Chers frères et sœurs en Christ ! 

Nous sommes aujourd’hui le mercredi 19 octobre 2022 et le peuple ukrainien mène depuis déjà 238 jours, une lutte héroïque contre les occupants russes qui sont venus sur notre terre. De violents combats ont encore eu lieu hier sur toute la ligne de front. La situation probablement la plus difficile, peut-être, est dans la région de Donetsk, au sud de notre patrie, dans notre région de Kherson.

L’ennemi bombarde nos paisibles villes et villages avec divers types d’armes. Rien qu’hier, 10 frappes de missiles, 18 frappes aériennes et 76 frappes de systèmes à réaction de divers types ont été effectuées. 10 agglomérations de notre patrie ont été touchées. Hier, l’ennemi a de nouveau attaqué la ville de Kyiv avec ses drones kamikazes. L’infrastructure vitale de notre capitale a été endommagée. Il a également attaqué la ville de Dnipro, Kryvyi Rih, Zaporizhia, notre Mykolaïv qui souffre depuis si longtemps.

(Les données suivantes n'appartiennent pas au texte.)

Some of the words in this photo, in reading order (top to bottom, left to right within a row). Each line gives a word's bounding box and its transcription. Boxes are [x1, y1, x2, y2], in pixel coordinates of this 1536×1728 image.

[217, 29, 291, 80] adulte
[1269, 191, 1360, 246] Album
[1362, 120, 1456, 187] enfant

Aujourd’hui, je rentre d’un voyage pastoral à Odessa et dans l’oblast de Mykolaïv. J’ai vu les visages courageux de nos soldats, les yeux larmoyants des mères. Mais la volonté indomptable de tout notre peuple est visible. Une volonté indomptable de défendre la Patrie. En regardant dans les yeux des enfants et des aînés, des femmes et des hommes, de nos soldats et des représentants des autorités ukrainiennes, nous pouvons dire avec confiance : L’Ukraine est debout ! L’Ukraine se bat ! L’Ukraine prie !

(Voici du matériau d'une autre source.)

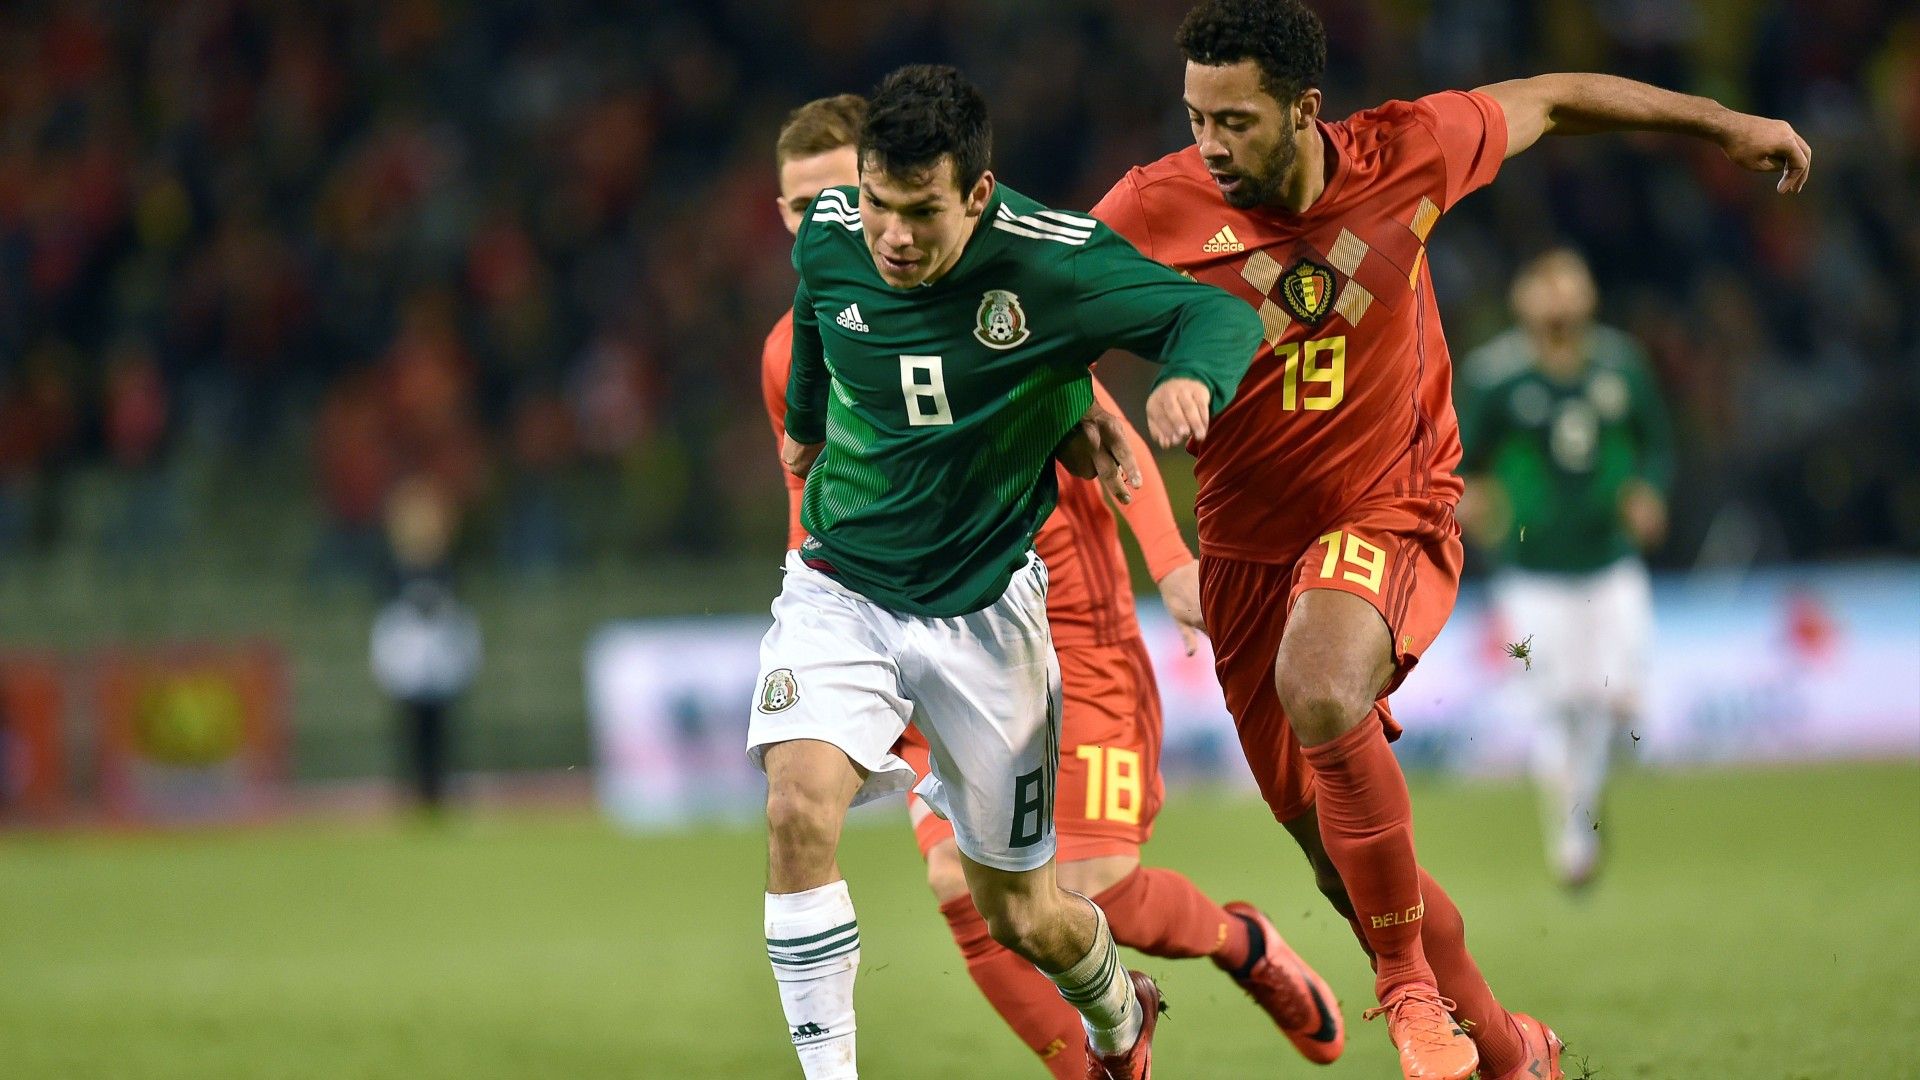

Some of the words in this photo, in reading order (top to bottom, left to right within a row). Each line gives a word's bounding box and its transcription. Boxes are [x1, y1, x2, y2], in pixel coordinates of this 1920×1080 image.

J’ai également eu l’occasion de rendre visite à nos militaires blessés, et j’ai été particulièrement impressionné par la possibilité de communiquer avec un soldat qui a survécu à 2 graves commotions cérébrales. Il a parlé avec sincérité de ses expériences, de ses blessures. Et il m’a en quelque sorte prévenu que ceux qui ont survécu au drame de la guerre, ceux qui étaient au front, ont vraiment de sérieuses difficultés à retourner à la vie civile.  Parce qu’il est très facile d’entrer dans une guerre, mais il est difficile d’en revenir. Il lui semblait que même à l’hôpital, il était entouré d’ennemis. Que de blessures cette guerre a infligées même à ceux qui sont les plus stables, les plus forts.

À la lumière de cette douleur commune à toute une nation, je veux aujourd’hui poursuivre nos réflexions sur la façon dont nous pouvons préserver et protéger la famille ukrainienne. Cette cellule de base de toute société. L’église domestique, dans laquelle pendant des siècles non seulement une nouvelle vie est née, mais aussi notre culture, la conscience nationale a été nourrie et, plus important encore, la foi chrétienne a été transmise.

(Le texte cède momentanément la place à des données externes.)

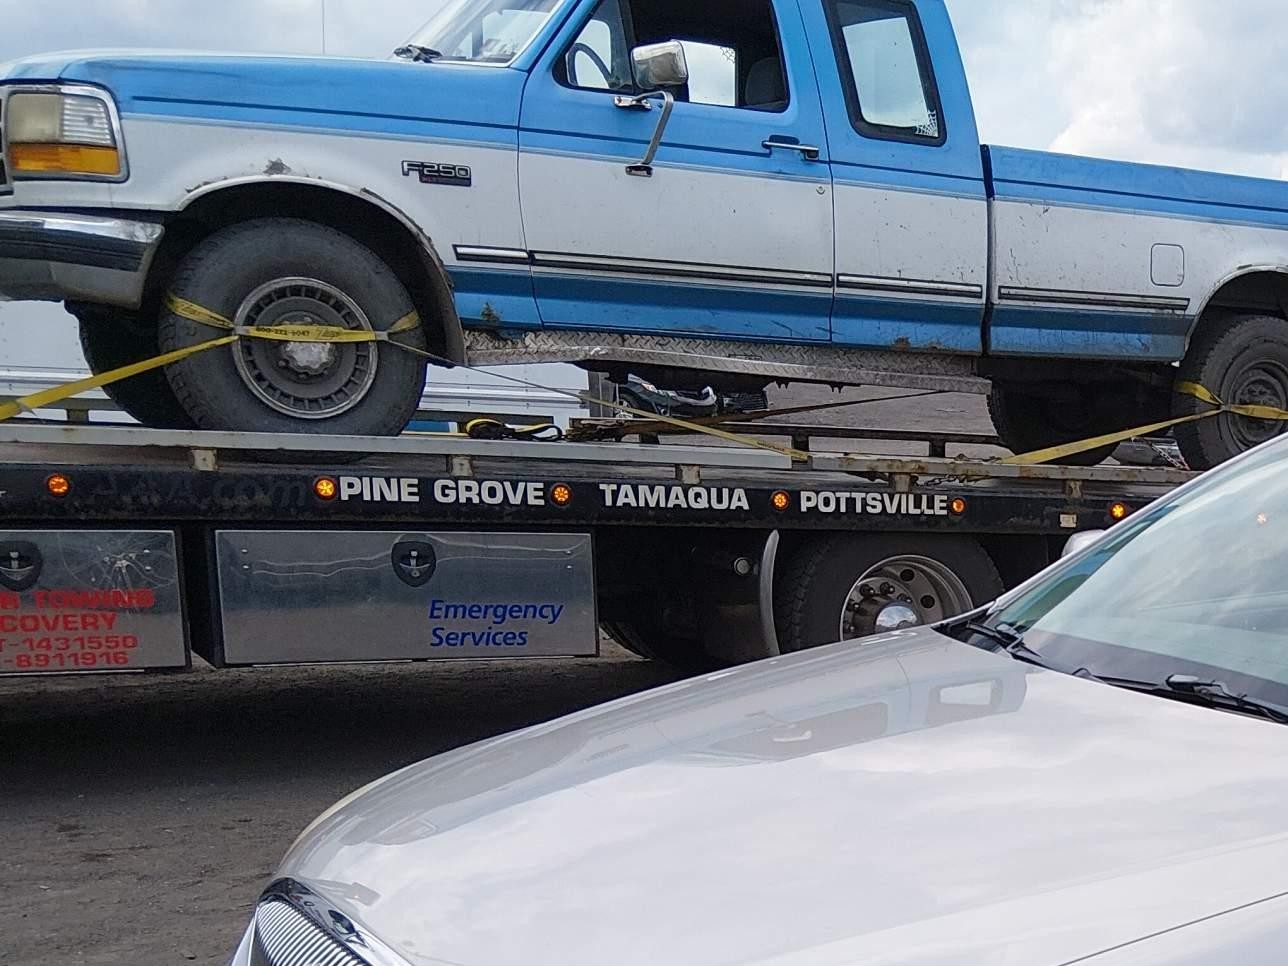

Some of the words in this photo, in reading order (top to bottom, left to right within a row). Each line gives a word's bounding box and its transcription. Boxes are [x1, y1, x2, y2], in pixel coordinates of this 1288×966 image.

[401, 160, 471, 178] F250
[339, 476, 420, 502] PINE
[433, 479, 545, 505] GROVE
[599, 484, 750, 511] TAMAQUA
[800, 491, 948, 515] POTTSVILLE
[429, 600, 564, 624] Emergency
[430, 627, 528, 647] Services

Hier, nous avons mentionné à quel point la violence est dangereuse pour la famille. Nous avons réfléchi à la violence extérieure que les occupants infligent à nos femmes, filles, hommes, voire enfants. Mais aujourd’hui, je voudrais que vous et moi découvrions un autre grand danger. Le danger de la violence, que nous appelons la violence domestique. Parce que parfois, en temps de guerre, comme me l’a dit le chef de l’administration militaire de Mykolaïv, les gens deviennent insensibles. Ils deviennent insensibles à la douleur et à la souffrance de ceux qui sont peut-être les leurs, les plus proches. Les horreurs vécues pendant la guerre accompagnent tout le monde et les hommes et les femmes aussi chez eux. Et donc, pour aider la famille à se relever, nous devons tous ensemble nous opposer résolument à la violence domestique sous toutes ses formes.

Aujourd’hui, nos familles, en particulier les familles d’hommes et de femmes ayant vécu la guerre, ont besoin d’une pastorale particulière. Ils ont encore besoin de réhabilitation, de temps et d’espace pour être à nouveau capables d’aimer. Nous devons tous nous soutenir ensemble ! Avec l’aide de la prière, avec l’aide de l’affection, de la chaleur de la communauté ecclésiale, chercher des moyens d’aider nos défenseurs à revenir du front en un jour, à retrouver une vie de famille normale.

Avec l’aide de la prière, l’aide de l’affection, de la chaleur de la communauté ecclésiale, cherchons des moyens d’aider nos défenseurs qui rentreront bien un jour du front, à retrouver une vie de famille normale.

Lors de nos visites, j’ai eu l’occasion de voir les larmes de pères et de mères dont les enfants ont été emmenés de force par les occupants. Beaucoup de nos compatriotes sortis, parfois même par miracle des territoires occupés, racontent les indescriptibles humiliations et sévices dans les camps de filtration avant leur libération des territoires occupés. Et il existe de nombreux cas où chaque membre de la famille a été « filtré » séparément. Et parfois, avec horreur, papa et maman voient qu’ils ont été libérés et que l’enfant leur a été enlevé. Où sont ces enfants ? Combien y en a-t-il ? On ne connaît même pas la fin. J’ai vu les larmes de papas et mamans qui ne savent pas où est leur enfant.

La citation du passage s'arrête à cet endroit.